Sunday 24 May 2020

Heat Treatment

In addition to having good machinability, the advantage of using O1 tool steel is that heat treatment – hardening and tempering - is straightforward.

Some years ago I purchased two small furnaces on ebay. They are quite old but were really cheap and have proved very reliable. The furnace that I use for hardening, shown below, has a small working section because it needs to be heated to around 800 0C but it is quite large enough for the gears, shafts, bearings etc that you find on motorbikes.



The other furnace has a much larger working section because it only needs to be heated to around 250 0C maximum. It is also used for heating castings for removing and fitting bearings and for preheating prior to welding. My missus would be really unhappy if I put large and, when heated, smelly chunks of metal into her kitchen oven!



The basic heat treatment process is:

1)    Heat gear to 820 0C in the small furnace and oil quench. Cheap vegetable oil from the local supermarket is used.

2)    Temper at 230 0C to give a HRc (Rockwell Hardness) of 60/61, which is a quite sufficient degree of hardness with good toughness for a gear like this.

A few practical points:

Before heating to high temperature, stainless steel lock wire is used to make a little “package” so that the gear can be easily taken out of the furnace when hot. An anti-scaling compound (see picture below) is also used to avoid a black oxide scale that would otherwise form after high temperature heating. Finally, the larger furnace is preheated to the correct temperature so that the gear can be put into an already warm environment for tempering immediately after quenching.



After heat treatment, the anti-scale compound can be easily removed because it forms a baked hard shell that peels off to leave a clean surface. The picture below shows the gear and the pinion after heat treatment but before cleaning up.
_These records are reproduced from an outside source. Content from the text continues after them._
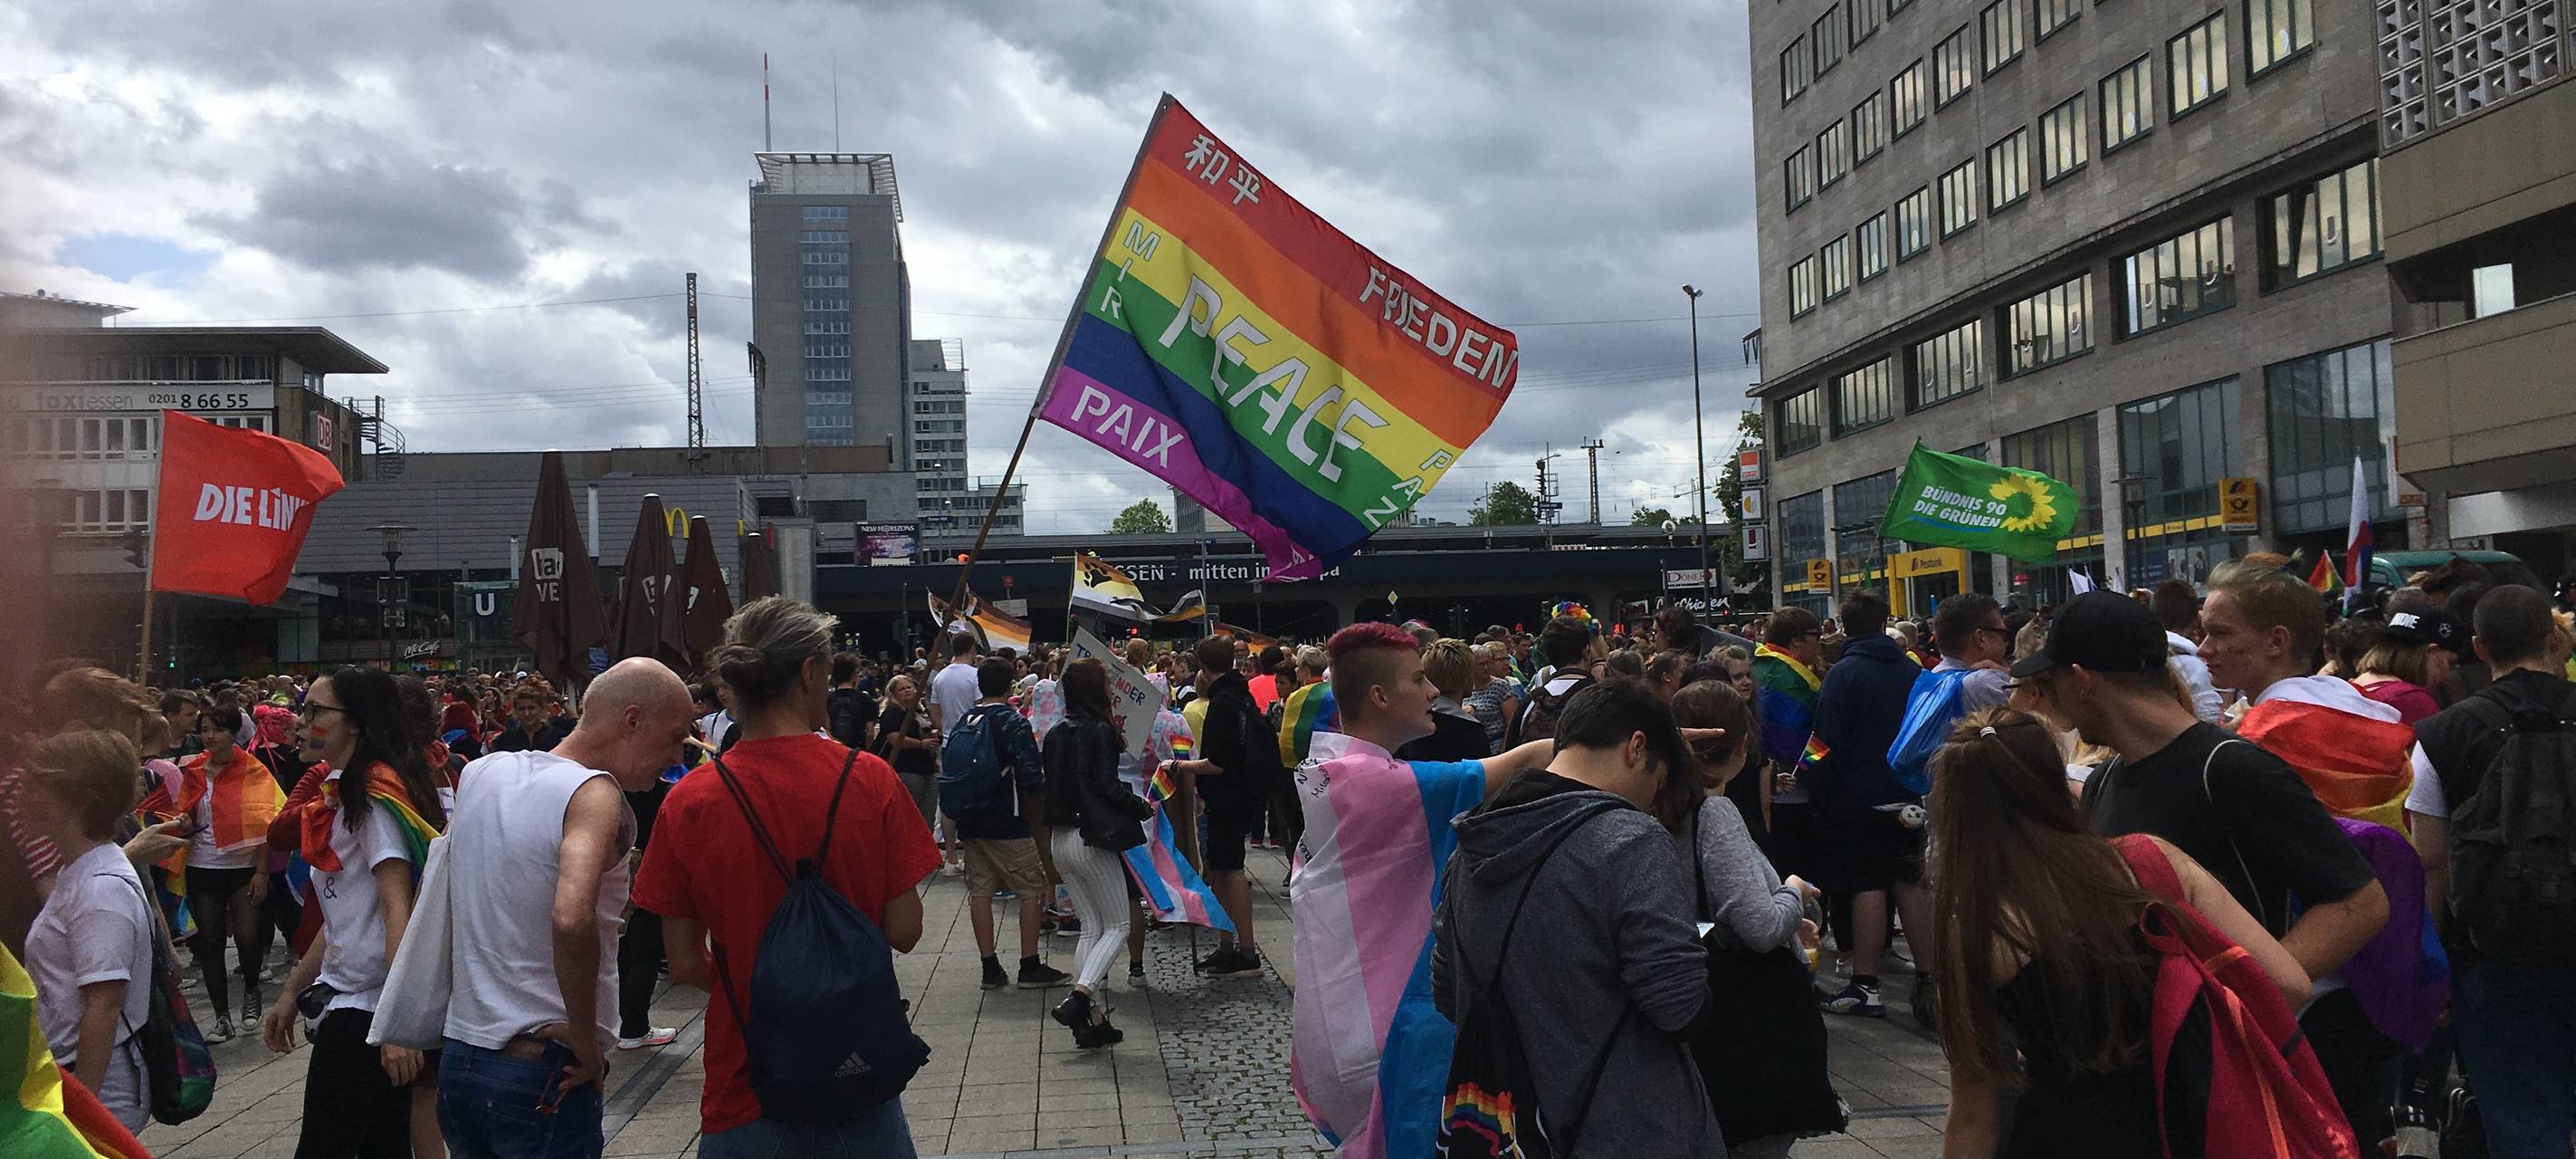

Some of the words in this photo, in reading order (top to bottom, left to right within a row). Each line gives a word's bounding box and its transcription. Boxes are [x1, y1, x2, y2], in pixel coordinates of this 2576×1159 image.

[1184, 133, 1261, 206] 和平
[1099, 220, 1160, 320] MIR
[1358, 265, 1520, 389] FRIEDEN
[1158, 273, 1390, 484] PEACE
[148, 393, 177, 404] 0201
[181, 393, 191, 408] 8
[197, 393, 220, 408] 66
[226, 393, 249, 408] 55
[318, 417, 332, 449] DB
[1070, 385, 1185, 469] PAIX
[1362, 448, 1454, 528] PAZ
[1921, 484, 1984, 511] BÜNDNIS
[1986, 501, 2007, 516] 90
[194, 483, 254, 525] DIE
[258, 487, 310, 532] LIN
[1913, 499, 1939, 516] DIE
[1939, 507, 2001, 528] GRÜNEN
[1188, 562, 1249, 580] mitten
[1255, 561, 1271, 580] in
[474, 592, 495, 617] U
[323, 876, 338, 899] &
[834, 1064, 872, 1078] adidas
Keyways need to be cut in the gear (and also in the sprockets). I leave this to after heat treatment because we have a local engineer with 50+ years of experience in spark eroding and it makes no difference whether the material is in the annealed state or has been hardened. In the absence of a spark eroder, the keyway would need to be broached before heat treatment.

Finally, a tumbler using ceramic chips is useful both at the end of machining and as a final step to smooth any rough edges and to give the gears a uniform and clean appearance.